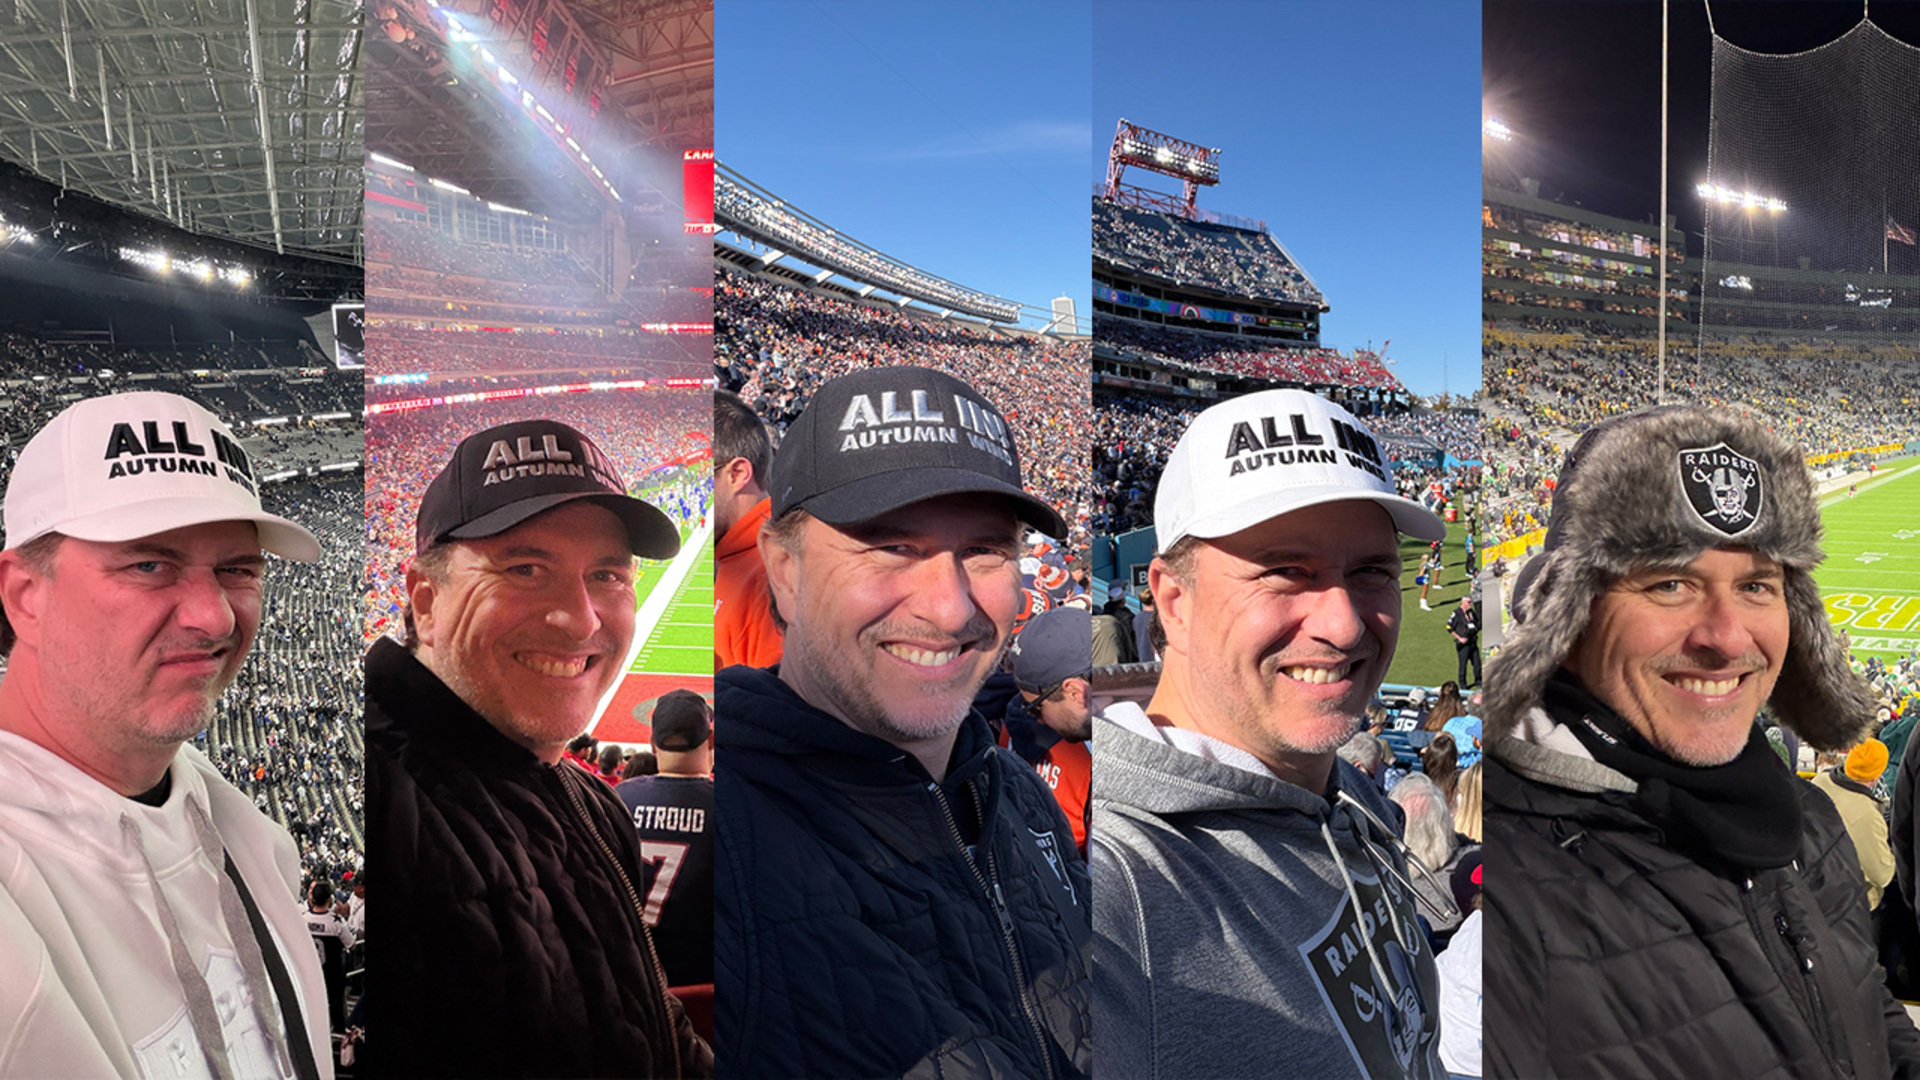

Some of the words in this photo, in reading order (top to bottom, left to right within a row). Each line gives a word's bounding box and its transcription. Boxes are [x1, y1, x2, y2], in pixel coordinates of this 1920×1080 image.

[838, 389, 944, 431] ALL
[953, 394, 1010, 449] IN!
[104, 421, 205, 460] ALL
[839, 425, 958, 452] AUTUMN
[1224, 413, 1324, 459] ALL
[482, 434, 572, 470] ALL
[1229, 449, 1337, 477] AUTUMN
[1685, 453, 1756, 472] RAIDERS
[108, 457, 218, 480] AUTUMN
[483, 462, 586, 487] AUTUMN
[633, 805, 705, 833] STROUD
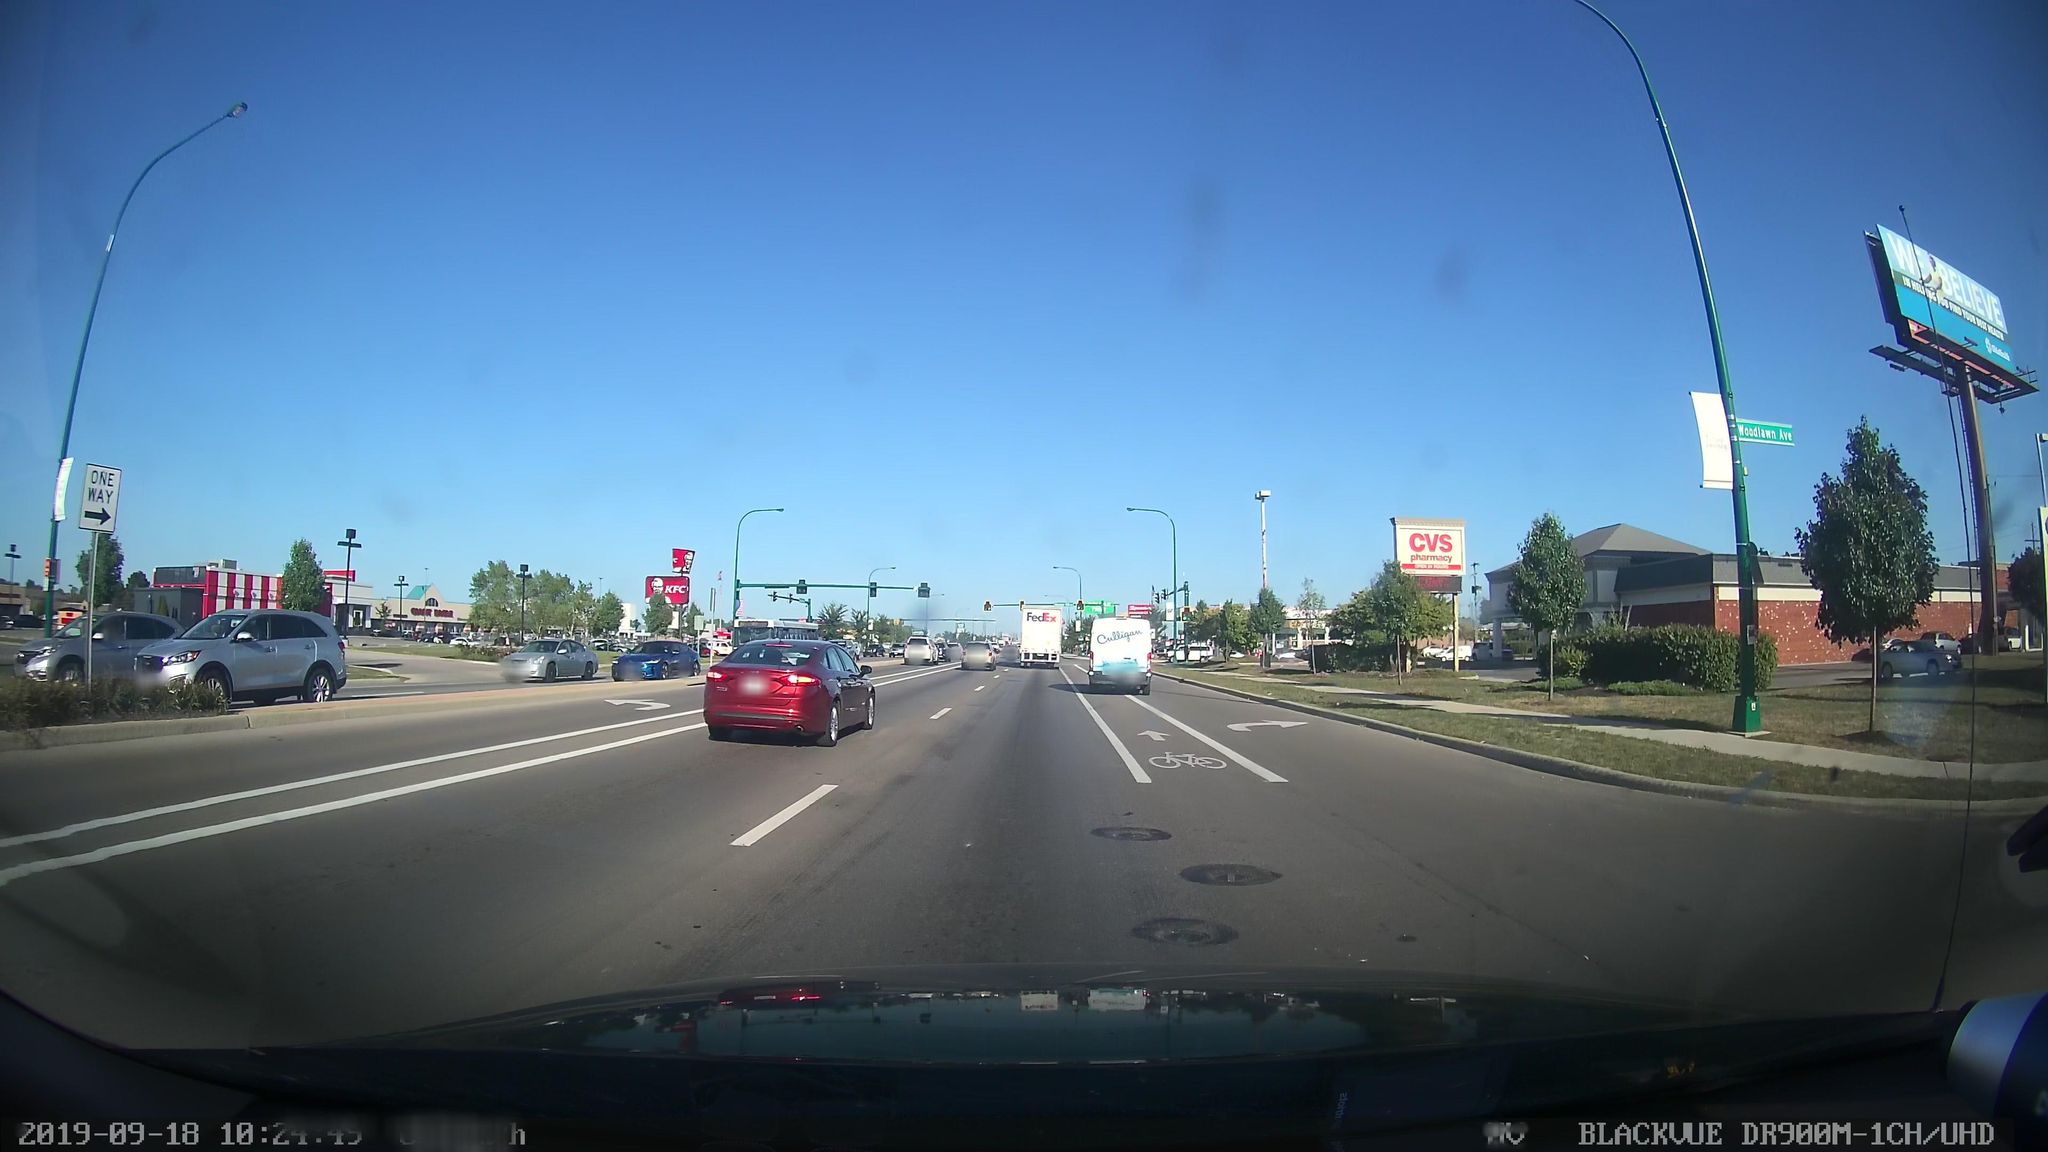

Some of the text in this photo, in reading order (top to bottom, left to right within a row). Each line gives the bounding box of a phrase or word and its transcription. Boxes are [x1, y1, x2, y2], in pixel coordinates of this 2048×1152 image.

[1938, 262, 2004, 329] BELIEVE
[1738, 424, 1792, 441] Woodlawn Ave
[91, 470, 115, 487] ONE
[88, 487, 114, 504] WAY
[1409, 533, 1453, 553] CVS
[1410, 554, 1453, 563] pharmacy
[664, 585, 686, 594] KFC
[1026, 611, 1057, 623] FedEx
[1096, 630, 1143, 645] Culligan
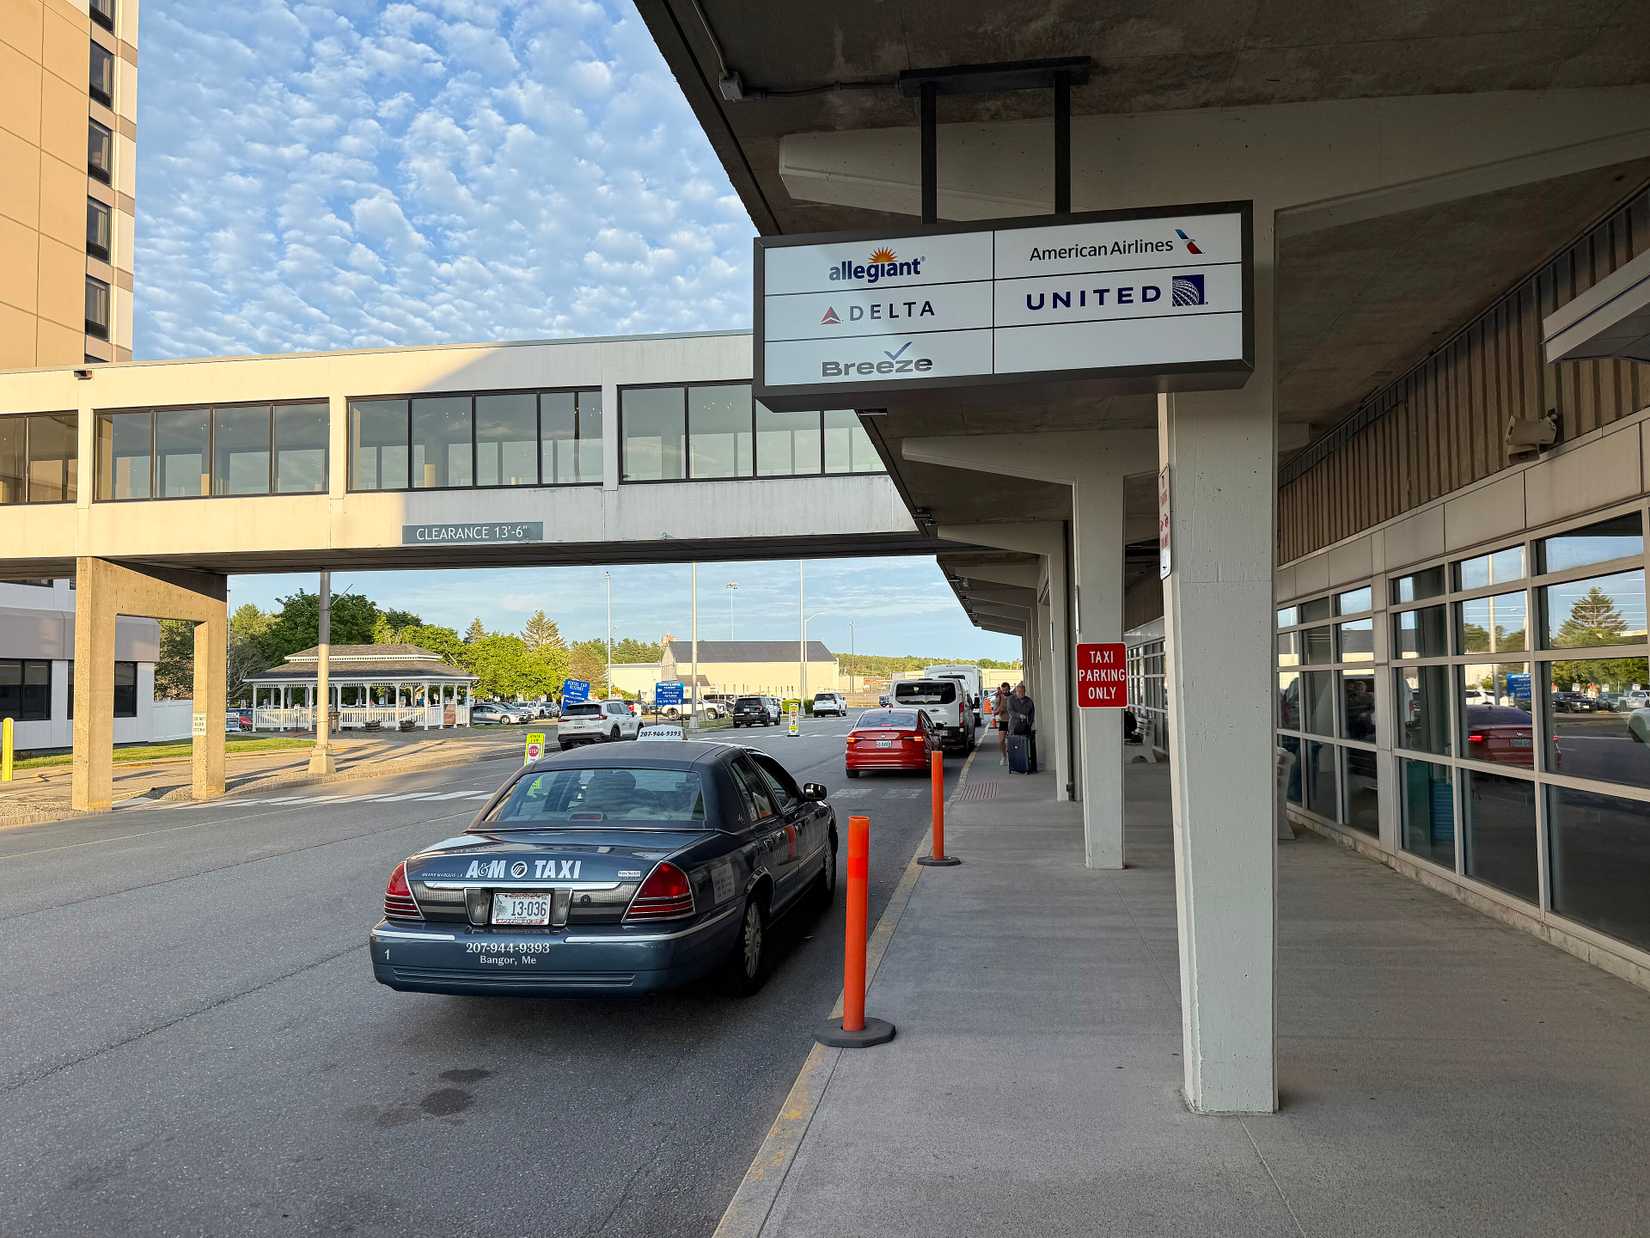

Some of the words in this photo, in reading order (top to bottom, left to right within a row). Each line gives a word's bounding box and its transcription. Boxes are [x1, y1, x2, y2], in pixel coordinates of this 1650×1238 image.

[1029, 243, 1107, 261] American
[1110, 239, 1174, 256] Airlines
[829, 258, 921, 283] allegiant
[1026, 285, 1161, 310] UNITED
[849, 300, 935, 322] DELTA
[821, 358, 933, 377] Breeze
[416, 526, 490, 540] CLEARANCE
[1089, 650, 1114, 664] TAXI
[1078, 669, 1126, 682] PARKING
[1088, 686, 1117, 700] ONLY
[465, 860, 507, 879] A&M
[534, 860, 582, 879] TAXI
[384, 949, 391, 960] 1
[465, 942, 551, 953] 207-944-9393
[480, 955, 518, 966] Bangor,
[521, 956, 537, 965] Me
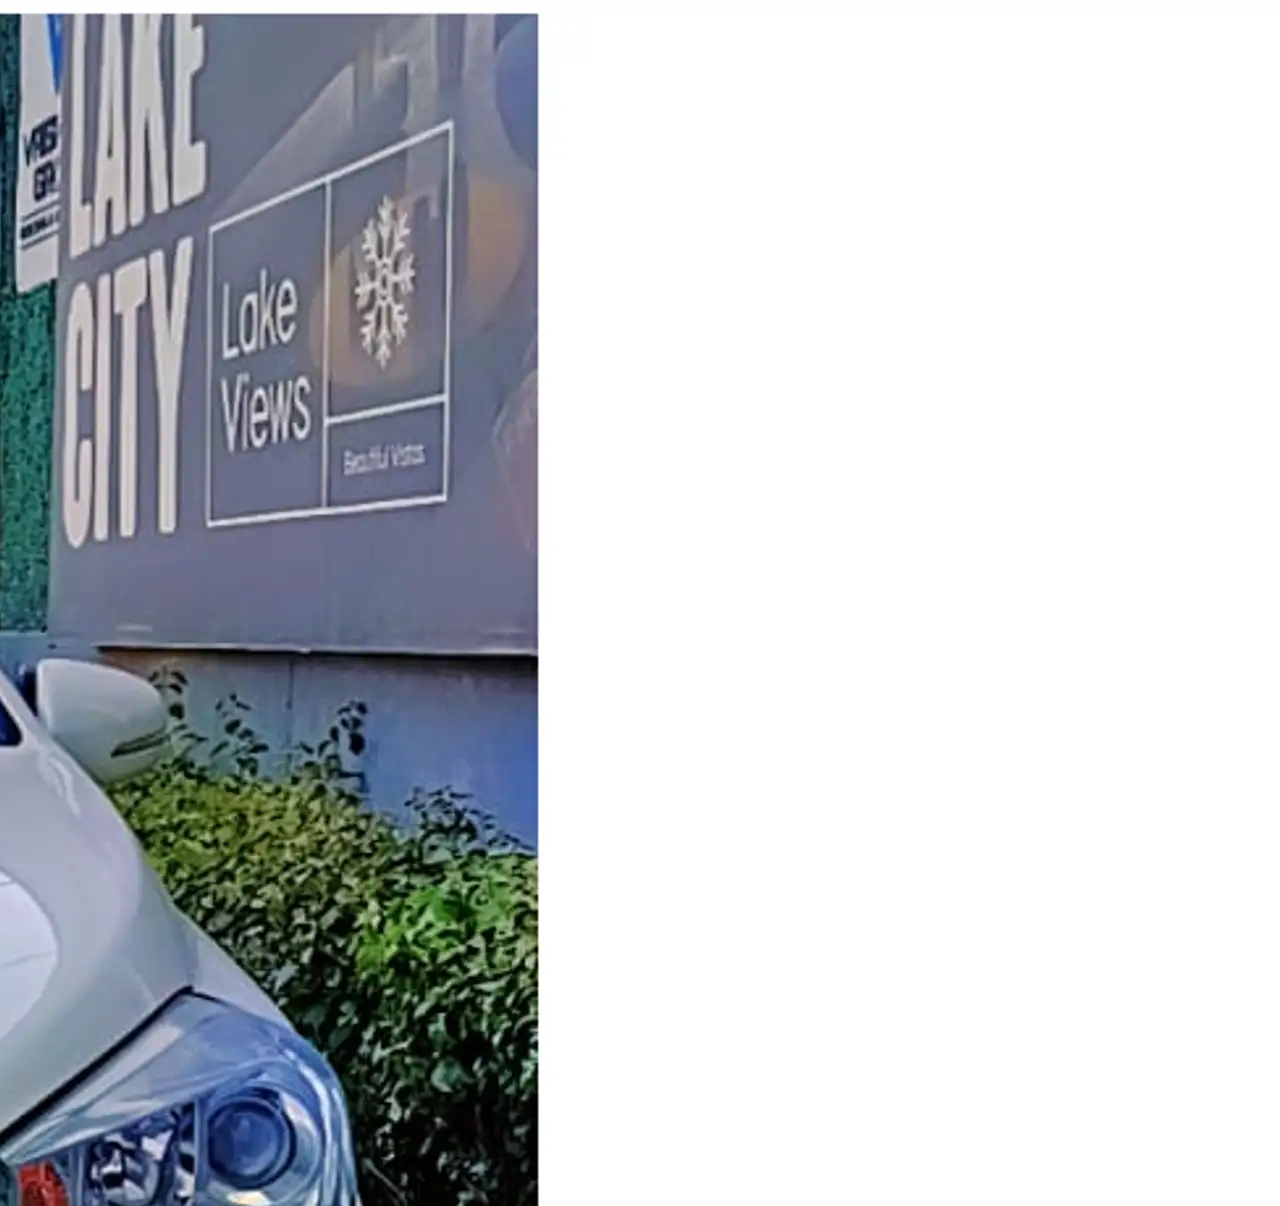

» **Exercise description**
Type out each line of the records above exactly, skipping any pictures.

» **Response to this task**
Some of the words in this photo, in reading order (top to bottom, left to right within a row). Each line gives a word's bounding box and its transcription. Boxes are [x1, y1, x2, y2], in pixel coordinates of this 1920×1080 image.

[838, 389, 944, 431] ALL
[953, 394, 1010, 449] IN!
[104, 421, 205, 460] ALL
[839, 425, 958, 452] AUTUMN
[1224, 413, 1324, 459] ALL
[482, 434, 572, 470] ALL
[1229, 449, 1337, 477] AUTUMN
[1685, 453, 1756, 472] RAIDERS
[108, 457, 218, 480] AUTUMN
[483, 462, 586, 487] AUTUMN
[633, 805, 705, 833] STROUD

Some of the text in this photo, in reading order (top to bottom, left to right within a row). Each line gives the bounding box of a phrase or word and its transcription. Boxes are [x1, y1, x2, y2], in pixel coordinates of this 2048×1152 image.

[1938, 262, 2004, 329] BELIEVE
[1738, 424, 1792, 441] Woodlawn Ave
[91, 470, 115, 487] ONE
[88, 487, 114, 504] WAY
[1409, 533, 1453, 553] CVS
[1410, 554, 1453, 563] pharmacy
[664, 585, 686, 594] KFC
[1026, 611, 1057, 623] FedEx
[1096, 630, 1143, 645] Culligan

Some of the words in this photo, in reading order (top to bottom, left to right within a row). Each line gives a word's bounding box and its transcription. Boxes are [x1, y1, x2, y2], in pixel coordinates of this 1650×1238 image.

[1029, 243, 1107, 261] American
[1110, 239, 1174, 256] Airlines
[829, 258, 921, 283] allegiant
[1026, 285, 1161, 310] UNITED
[849, 300, 935, 322] DELTA
[821, 358, 933, 377] Breeze
[416, 526, 490, 540] CLEARANCE
[1089, 650, 1114, 664] TAXI
[1078, 669, 1126, 682] PARKING
[1088, 686, 1117, 700] ONLY
[465, 860, 507, 879] A&M
[534, 860, 582, 879] TAXI
[384, 949, 391, 960] 1
[465, 942, 551, 953] 207-944-9393
[480, 955, 518, 966] Bangor,
[521, 956, 537, 965] Me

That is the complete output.